A Community to Belong

An Organization for the African Ancestored

Grandaunt Isabelle Geder; Grandfather Emmett Geder

I’ve had many mentors that helped and ‘guided’ me over the years since I got involved with genealogy and family history. Mentors come in many different personas and colors. There are, of course, the experts in the field and the books they’ve written, the family members who share the knowledge and information they have, and the random acts of genealogical kindness coming from strangers.

When people share and develop a dialogue with like-spirited individuals, a kind of mentorship can take place. My greatest mentors come from the Ancestors. When I slow down to review the collected data, their spirit and wisdom prophetically appears. So, these are my mentors.

Are organizations like APG (Association of Professional Genealogists) and BCG (Board for Certification of Genealogists ) meeting my needs? To answer that question, I would have to first define my needs.

As an African Ancestored genealogist and family historian I have a need to communicate with folks who are sensitive, learned and entrenched in the African American experience. There are the stories that were told through the generations in hopes that they will reach the ears, minds and hearts of the future African Ancestored tellers and griots. I crave for the scholarship that can only come from those who have walked, talked and shed tears in the African diaspora.

There is a uniqueness and a particular-ness to the challenges in researching our people that comes before and goes beyond the imagined 1870 brick wall. The challenges that come before the 1870 brick wall include the reconstruction era, jim crow, segregation, sharecropping, migration, lynching, voting rights, unfair and unequal education, civil rights and downright subjugation and marginalization of my people.
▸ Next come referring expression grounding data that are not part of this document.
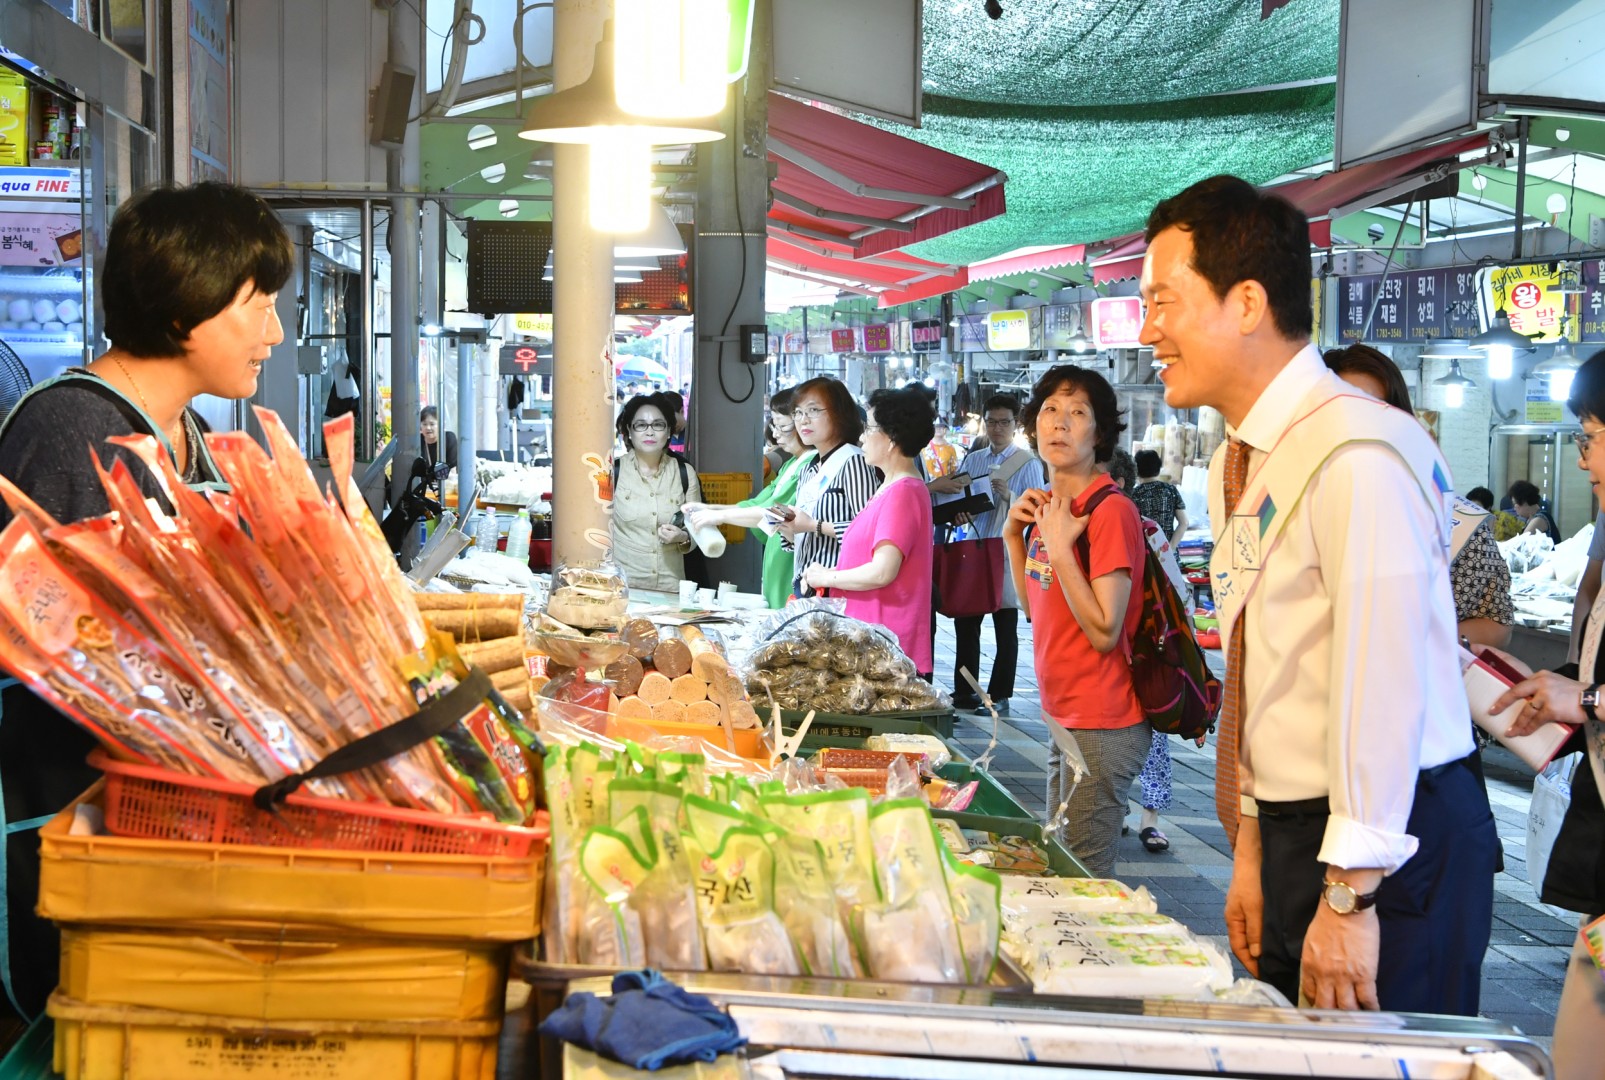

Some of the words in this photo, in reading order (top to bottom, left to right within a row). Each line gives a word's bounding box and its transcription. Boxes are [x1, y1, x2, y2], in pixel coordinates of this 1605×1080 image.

[0, 181, 31, 193] qua
[35, 179, 70, 193] FINE
[1417, 275, 1435, 297] 돼지
[1514, 284, 1539, 308] 왕
[1380, 303, 1397, 324] 재첩
[1417, 301, 1435, 323] 상회
[1590, 290, 1605, 316] 추
[1348, 305, 1363, 325] 식품
[1536, 307, 1556, 327] 발
[514, 347, 538, 372] 우
The challenges after the 1870 brick wall include American Slavery, the breaking and destroying of the family unit, the denial of cultural and spiritual growth, and the complete cruelty put upon my people.

Can organizations like the APG and the BCG, with their leaders and membership provide the requisite empathy, nurturing, and guidance that I need? Or is it time for a more relevant and focused organization, built from the ground up, to see to the needs of the African Ancestored genealogist and family historian? Does this make sense? Does this resonate?

I would actually love to witness and participate in such an organization. An organization, at its core, that acknowledges Alex Haley’s contributions, that acknowledges the many gifted African Ancestored historians, researchers, genealogists, sociologists, and cultural evangelists. An organization whose mission is to teach, foster, and support its members. One that is built upon the strength, courage, and wisdom of the Ancestors. An organization that will implement its own high academic standards, guidelines specific to the African diaspora, and will be on the bleeding edge of technology, civil rights and social justice throughout the 21st century.

That would be an organization I could sign up for and a community I would readily belong to.

What are your thoughts?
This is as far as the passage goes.